The KL-VS Genetic Variant
Not everyone produces klotho equally. A common genetic variant called KL-VS, which involves two amino acid changes in the klotho protein, influences how well the protein is made and how it functions. Carrying one copy of this variant has been linked in some studies to better cognitive performance and longer life. Carrying two copies, however, tells a different story. Research across three independent populations (Bohemian Czech, Baltimore Caucasian, and Baltimore African-American) found that people homozygous for KL-VS were significantly underrepresented among elderly individuals, with a combined odds ratio of 2.59 for reduced survival. In other words, having two copies of this variant appears to decrease life expectancy, suggesting that klotho function contributes meaningfully to how quickly people develop age-related conditions.
Exercise as a Klotho Booster
The most reliable way to raise your circulating klotho levels without medication is regular exercise. A meta-analysis of 12 controlled trials involving 621 participants found that chronic exercise training of at least 12 weeks significantly increased soluble klotho, with a large effect size. This held true regardless of whether participants were healthy or had existing health conditions.

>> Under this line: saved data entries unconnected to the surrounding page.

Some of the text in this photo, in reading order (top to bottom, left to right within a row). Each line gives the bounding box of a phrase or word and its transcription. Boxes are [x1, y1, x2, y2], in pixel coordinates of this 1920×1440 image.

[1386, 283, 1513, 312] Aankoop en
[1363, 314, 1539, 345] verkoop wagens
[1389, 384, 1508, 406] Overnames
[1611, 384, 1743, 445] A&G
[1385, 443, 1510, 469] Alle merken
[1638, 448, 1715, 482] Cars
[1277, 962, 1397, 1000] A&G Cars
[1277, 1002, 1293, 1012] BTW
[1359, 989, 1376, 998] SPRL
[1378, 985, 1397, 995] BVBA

About 150 minutes per week appears to be the sweet spot for triggering klotho increases. The mechanism likely involves exercise’s ability to create a brief burst of oxidative stress, which ramps up the body’s antioxidant defenses and reduces chronic inflammation, both of which favor klotho production. Exercise also activates a molecular pathway in muscle and other tissues that directly promotes klotho expression. Interestingly, the meta-analysis found that combined aerobic plus resistance training was the one exception that didn’t show a clear klotho boost, though pure aerobic or pure resistance training did. Training duration and total weekly volume seem to matter more than intensity alone.

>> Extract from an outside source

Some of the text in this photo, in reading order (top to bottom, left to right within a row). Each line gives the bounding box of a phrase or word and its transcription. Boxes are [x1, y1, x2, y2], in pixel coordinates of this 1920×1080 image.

Skeletal muscle itself secretes klotho during exercise, placing it in the growing category of “exerkines,” beneficial molecules released by working muscles that influence distant organs. This means the benefits of exercise on klotho aren’t limited to what the kidneys produce.

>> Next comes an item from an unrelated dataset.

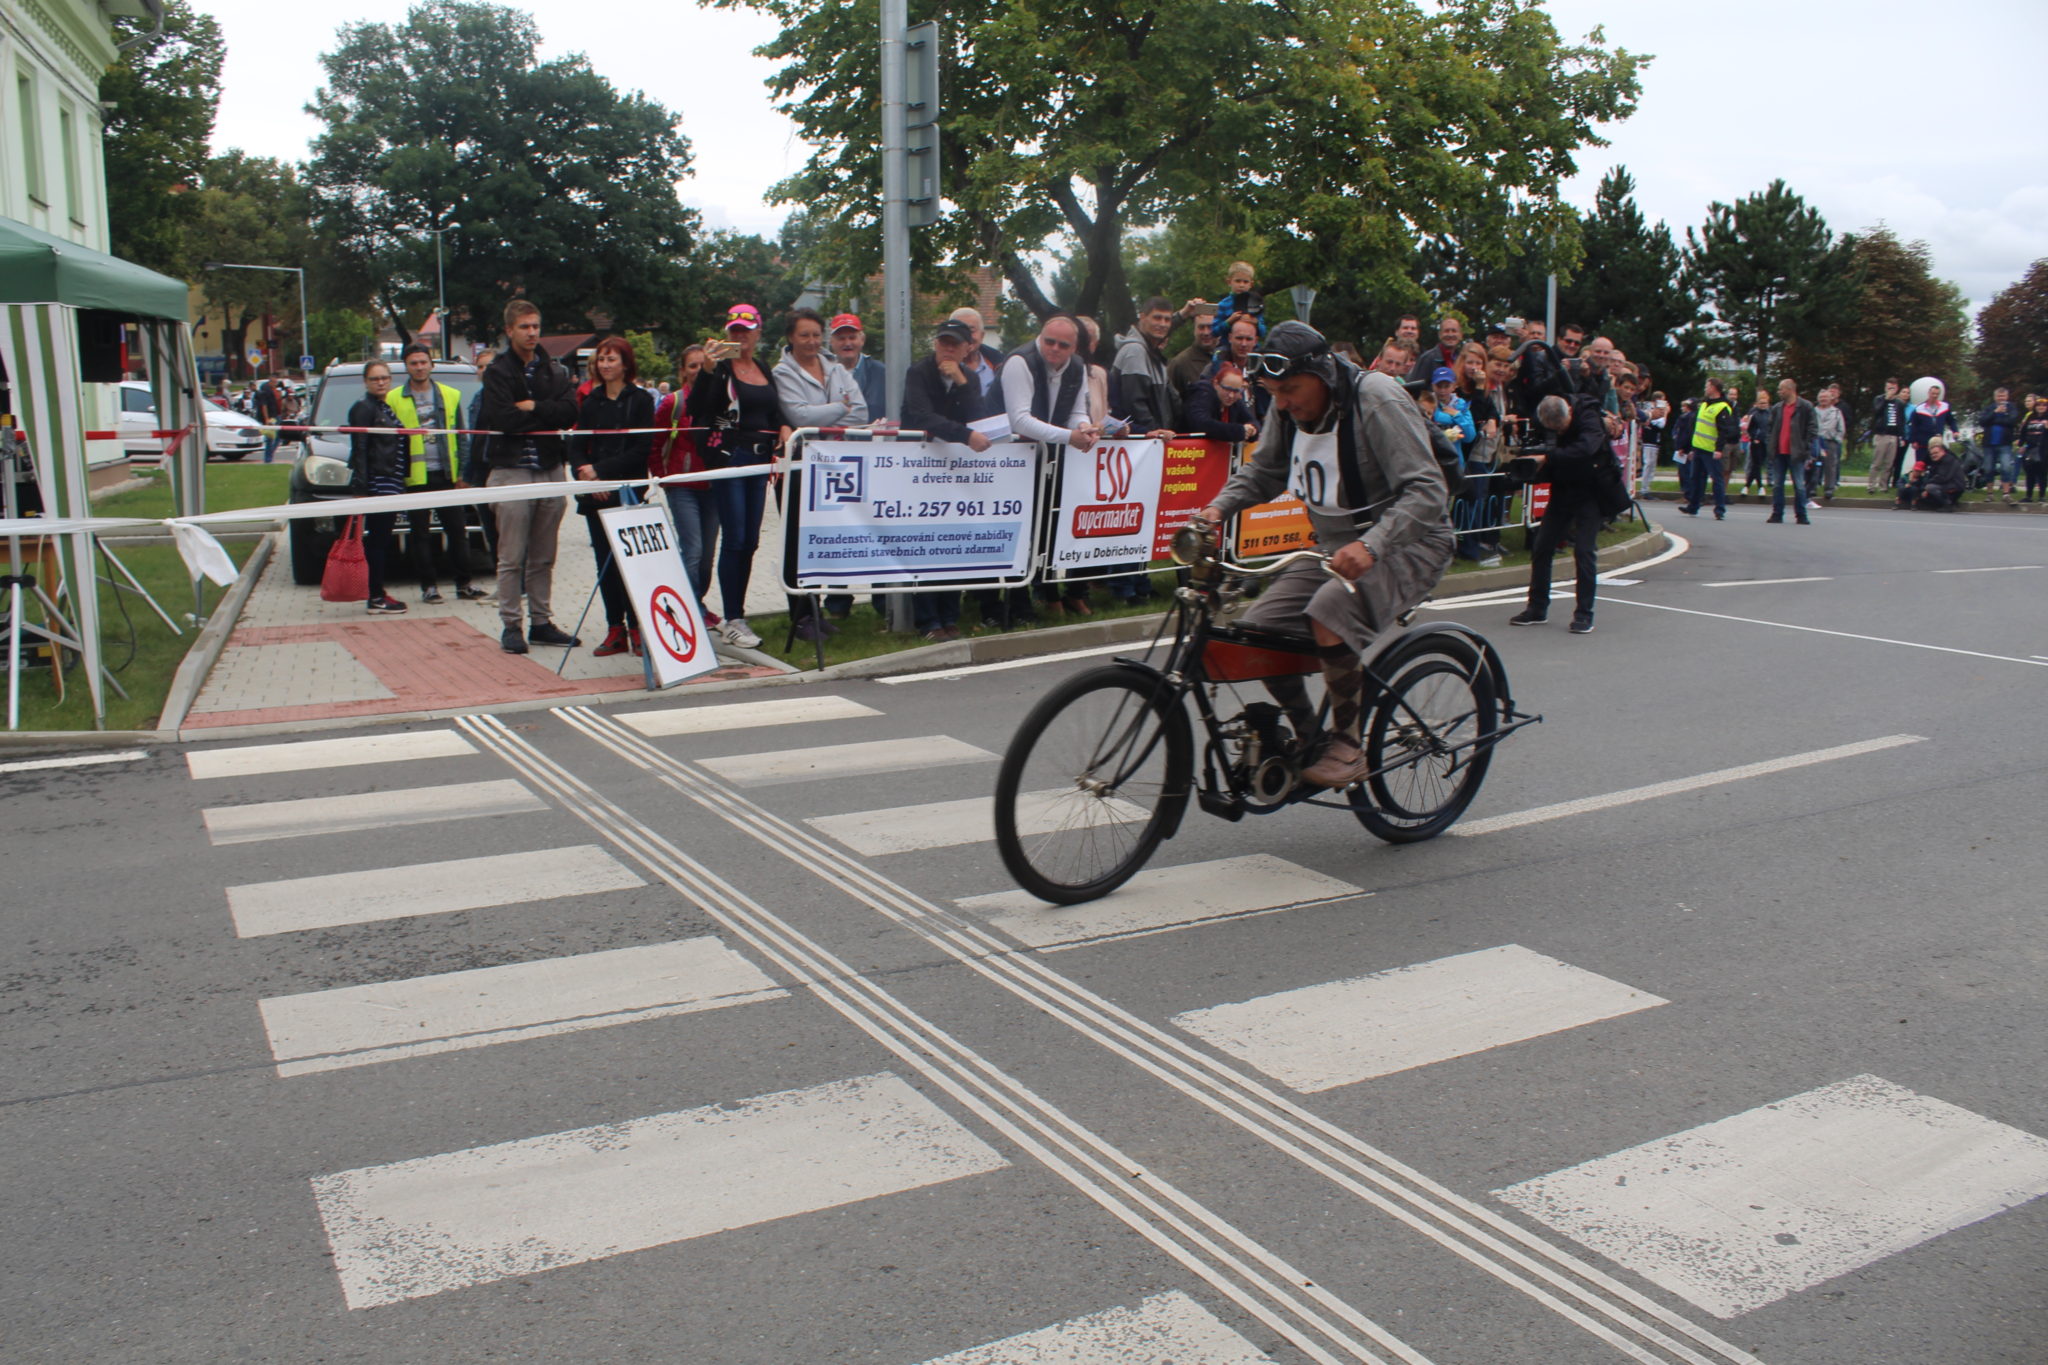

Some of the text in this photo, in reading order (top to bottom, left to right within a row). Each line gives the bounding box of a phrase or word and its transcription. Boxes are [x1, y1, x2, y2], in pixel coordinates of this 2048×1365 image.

Where Klotho Therapy Stands
Given klotho’s broad protective effects, researchers are exploring whether it can be delivered as a treatment. As of 2025, one early-phase clinical trial is recruiting 30 healthy adult volunteers to test a combination klotho and follistatin gene therapy delivered via injection, with results expected by mid-2026. No klotho-based drugs or supplements are currently available, and there are no established cut-points for using klotho blood levels as a clinical tool for biological age. The protein’s potential as both a biomarker and a therapeutic target remains one of the more active areas in aging research.